An Eternal City Recreates Itself

BOOMING BEIJING

Legend has it that Beijing's symmetrical layout was conceived and handed down by the Chinese gods.

The blueprint for an eternal city was said to reflect a cosmic balance at a site that faced the constant danger of chaos and destruction from the nearby Gobi Desert.

But the juggernaut of progress, rather than the sands, now presents a sharper threat to Beijing's identity as it moves to take its place as one of the most cosmopolitan and unusual megacities of the 21st century.

A panoramic view of the capital - moving past ancient pagodas and satellite-dish antennas, Taoist temples and neon-lit nightclubs - shows the hybrid that Beijing is becoming as it reinvents itself.

At its heart stands the crimson-walled Forbidden City of former emperors, a complex that seems to pull visitors back into a past of imperial ritual, intrigue, and drama. To its south are the round-roofed structures of the Temple of Heaven, to the north the Temple of Earth, while the Temples of the Sun and the Moon mark out Beijing's east-west axis.

But armies of builders are shattering the legendary contours of the capital as they propel it into the future, residents say.

Nearly two decades of economic reform and opening of markets have unleashed an unparalleled era of dynamism, prosperity, and globalization in Beijing.

A cluster of karaoke bars now circle the time-worn walls of the Forbidden City; an outer orbit holds the three discos - NASA, JJ's, and Nightman - which in turn are surrounded by a constellation of new cafes. Upwardly mobile Chinese youths freely mix with their American, Russian, and European counterparts at JJ's as a state-of-the-art sound system blasts out hits by Madonna and the reggae group Apache Indian.

Red laser beams cut through dry-ice clouds as Chinese initiates form a semicircle around JJ's British DJ, parodying his every move.

"This club could be in Berlin, Stockholm, or New York, but until a couple of years ago, not in Beijing," says a German student who milled among the nightspot's thousand-strong crowd.

For millennia, China was noted for its xenophobia. Decades ago, during Chairman Mao Zedong's reign, contact with a foreigner could lead to arrest; 10 years ago, a type of reverse apartheid allowed only foreigners, and not Chinese, to enter most dance clubs and joint-venture hotels.

"Twenty years ago, could you imagine that today there would be so few restrictions on Chinese mixing with foreigners without fear of being branded a spy?" asks Igor Rogachev, the Russian ambassador to China.

The Great Wall, built to protect the kingdom from non-Chinese barbarians and change, has taken on an opposite function: attracting tourists, who infiltrate the country with Western culture and ideas.

Great disparities remain

Along the edges of the wall, however, time seems to have stood still. Here, farmers till their fields and thrash their grain much as their ancient forebears did, using primitive tools of iron and stone. Yet in Beijing and other major Chinese cities, the Communist Party leadership has accommodated rising expectations born of the reforms by cautiously lowering barriers on links with the global village.

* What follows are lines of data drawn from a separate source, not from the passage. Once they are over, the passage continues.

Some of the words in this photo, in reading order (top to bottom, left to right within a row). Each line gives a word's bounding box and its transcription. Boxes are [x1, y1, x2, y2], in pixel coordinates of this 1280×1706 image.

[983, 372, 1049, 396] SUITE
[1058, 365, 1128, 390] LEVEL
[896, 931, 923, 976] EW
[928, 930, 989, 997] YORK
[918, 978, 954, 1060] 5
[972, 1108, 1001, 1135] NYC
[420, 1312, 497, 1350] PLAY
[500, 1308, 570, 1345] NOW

Beijingers can now purchase Western newspapers and literature ranging from the Bible to Shakespeare to "The Catcher in the Rye"; American films "Waterworld" and "The Bridges of Madison County" played in sold-out theaters.

Sales of television sets and programming fare have exploded; up to 25 channels are available via cable.

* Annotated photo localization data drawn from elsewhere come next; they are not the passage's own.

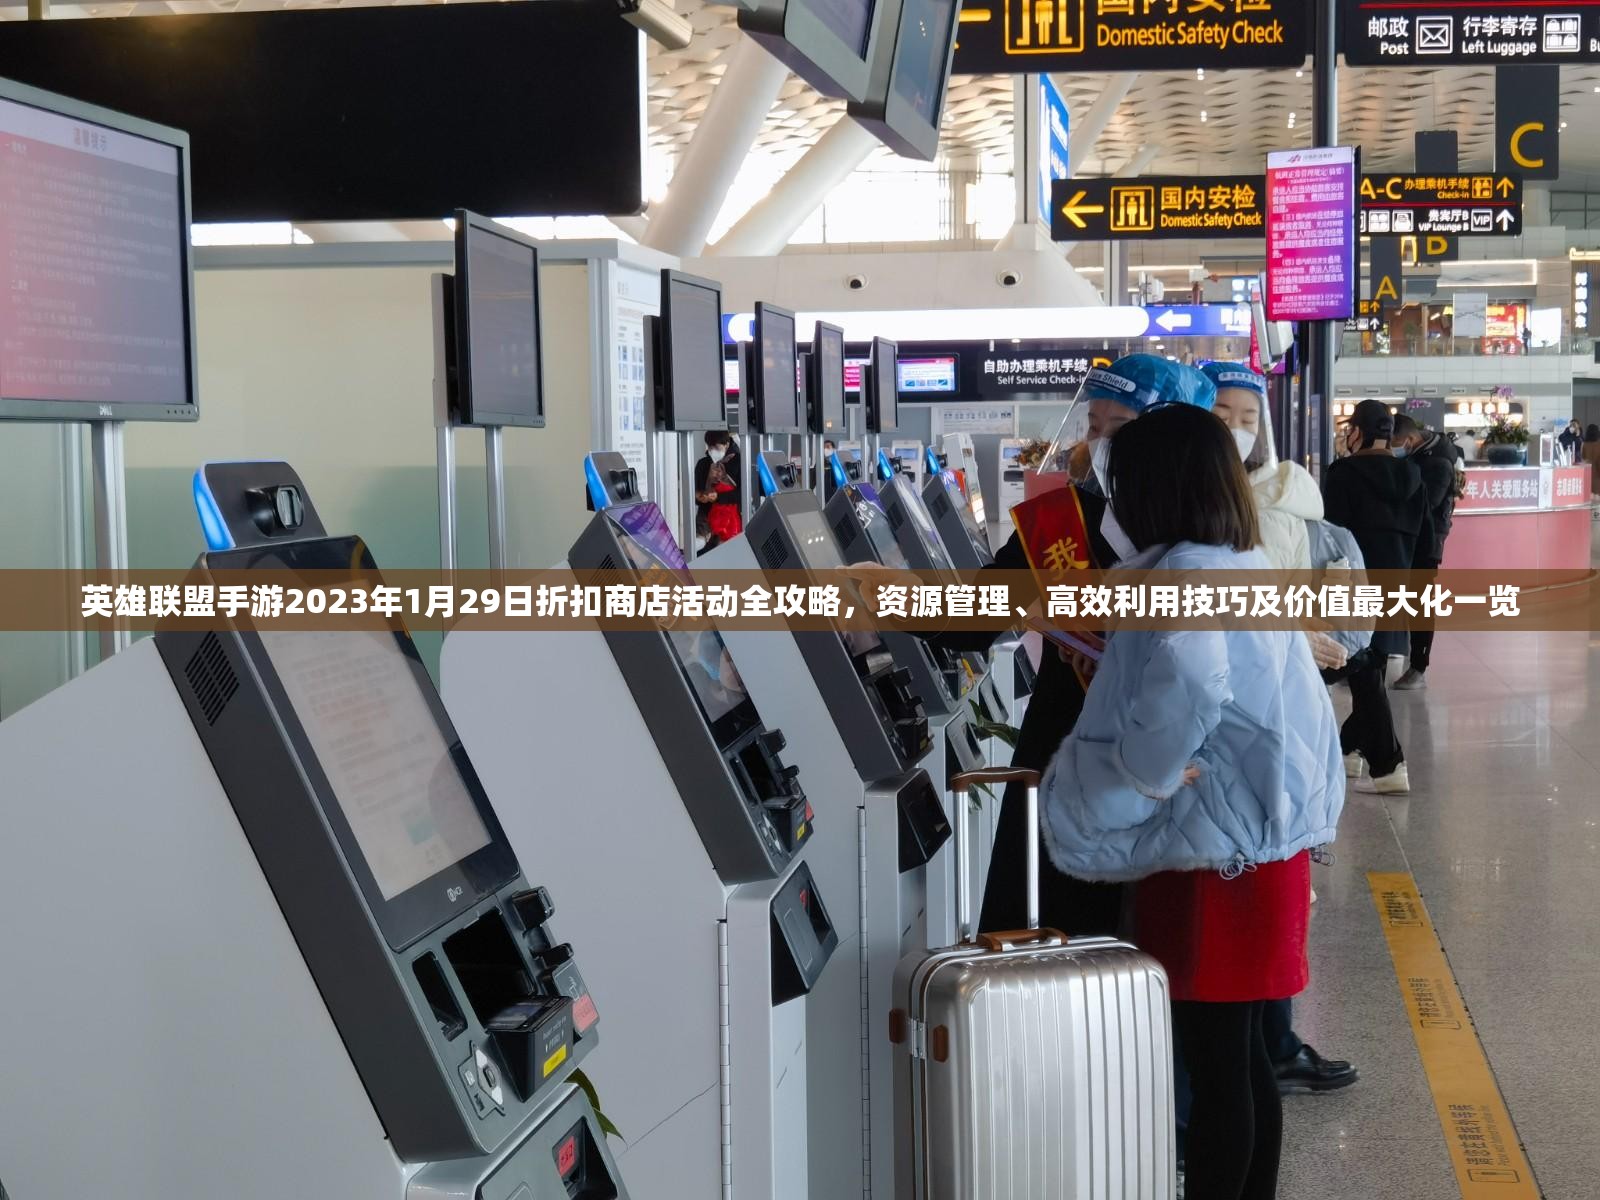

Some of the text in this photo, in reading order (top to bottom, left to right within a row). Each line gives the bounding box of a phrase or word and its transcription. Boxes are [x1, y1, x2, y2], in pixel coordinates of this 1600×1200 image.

[1097, 19, 1284, 49] Domestic Safety Check
[1368, 16, 1409, 38] 邮政
[1463, 16, 1538, 38] 行李寄存
[1380, 43, 1409, 55] Post
[1462, 40, 1537, 56] Left Luggage
[1510, 121, 1544, 168] C
[1360, 177, 1403, 200] A-C
[1404, 177, 1470, 190] 办理乘机手续
[1160, 184, 1256, 211] 国内安检
[1437, 190, 1470, 200] Check-in
[1160, 211, 1262, 230] Domestic Safety Check
[1418, 222, 1470, 233] VIP Lounge B
[1473, 214, 1490, 226] VIP
[1426, 235, 1449, 256] D
[1374, 275, 1399, 300] A
[984, 358, 1088, 374] 自助办理乘机手续
[997, 375, 1015, 385] Self
[1015, 375, 1047, 385] Service
[1042, 536, 1090, 581] 我

Select universities, residential compounds, and state institutions receive satellite broadcasts, and those with the highest government clearance can tune in to the forbidden fruits of CNN and BBC-TV.

An educated elite in China has made initial forays into cyberspace even though they must register their internet connections with the police and some World Wide Web sites are banned.

Some Chinese yuppies regard computers as the ultimate status symbol. "When our son was born four years ago, we started saving for a piano," says an accountant. "But since then, we've decided that a computer is a much wiser investment in the future."

Beijing's first cybercafe stands near ancient Chinese houses, communist-era architecture, and more recently, Western-designed concrete-and-steel skyscrapers. "China has been tearing down its past to make way for the new, but in the process is losing its history," says a Western diplomat.

Restoring the city's character

Indeed, great stretches of the city's imperial walls, watchtowers, and courtyard houses have been leveled in the past 50 years. But a growing number of Beijingers are calling for the restoration of the city's ancient character to complement its move into the next millennium.

Since the early 1990s, traditional Chinese forms and colors have reemerged in some of the capital's major architectural works, parallel with a resurgent pride in being Chinese that has accompanied the country's dynamic economic growth.

In another reversal of history, China's nouveaux riches have begun entering the global art market to reclaim vast treasure troves of ancient scrolls, paintings, and sculptures, many of which were looted by invading Western or Japanese armies in the last two centuries.

"Only by reconstructing our culture and national identity can we prepare ourselves to enter the world and the future on an equal basis," says a professor in Beijing.